People Of The City
- Author: Cyprian Ekwensi
- Language: English
- Genre: Fiction
- Published: 1954
- Publisher: Heinemann
- Publication place: Nigeria
- Media type: Print (paperback)
- ISBN: 9780435900052

= People of the City =

1954 novel Cyprian Ekwensi

People of the City is the debut novel of Cyprian Ekwensi first published in 1954 by Andrew Dakers Ltd. The novel was a predecessor to a number of other city novels in the Nigerian tradition.

== Development ==
Ekwensi began writing the novel while studying pharmacy on scholarship at the University of London. The novel, originated as a series of stories broadcast on the radio, for West Africans living in Britain after World War II.

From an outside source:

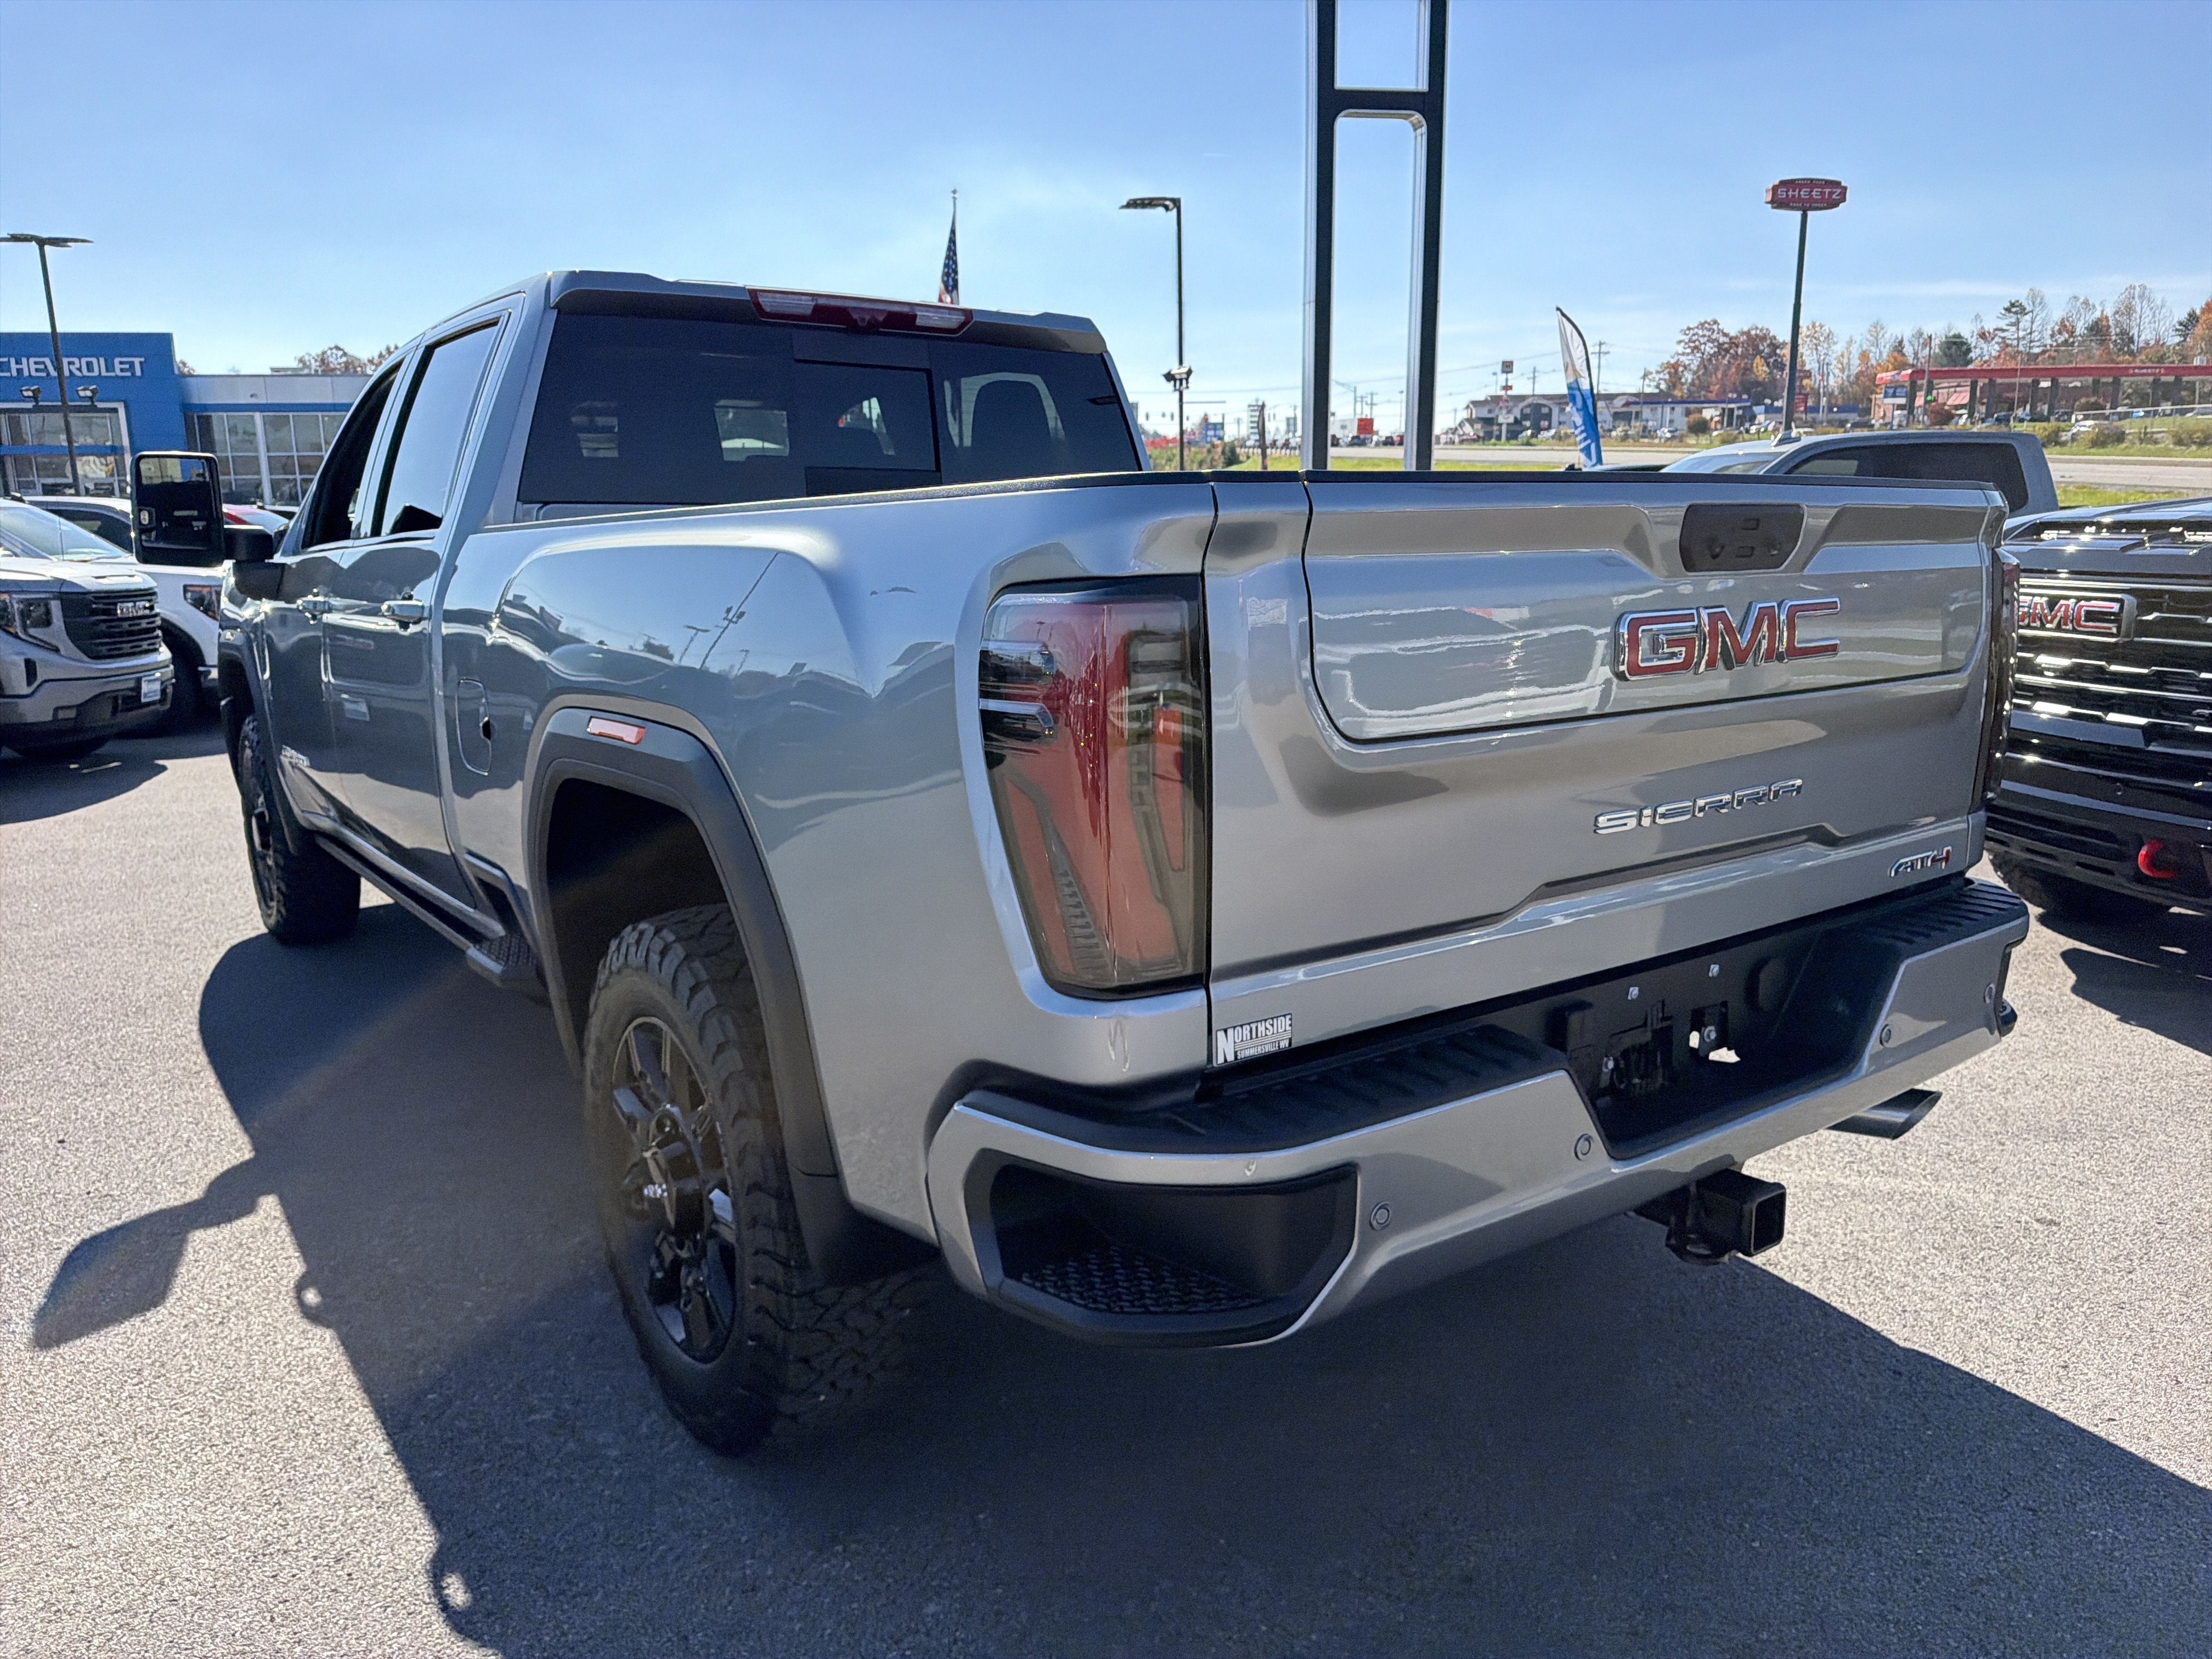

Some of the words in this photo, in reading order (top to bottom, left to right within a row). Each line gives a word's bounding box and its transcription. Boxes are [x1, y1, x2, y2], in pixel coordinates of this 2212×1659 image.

Critic Chidi Okonkwo, says that the primary influences for Ekwensi when developing the novel and his writing style, included "Westerns, detective thrillers, oriental tales like Arabian Nights", "European-hero-in-Africa" tales, like those of H. Rider Haggard, adventure tales like Robert Louis Stevenson's, and Indian films." Okonkwo describes these influences as obscuring Ekwensi's earlier experience translating African indigenous stories into English.

== Style ==
The novel has a didactic tone.

== Themes ==
The novel challenges European colonial dominance in Africa.

== Literary criticism ==
Early reception of the novel was generally positive, focusing on the urban setting.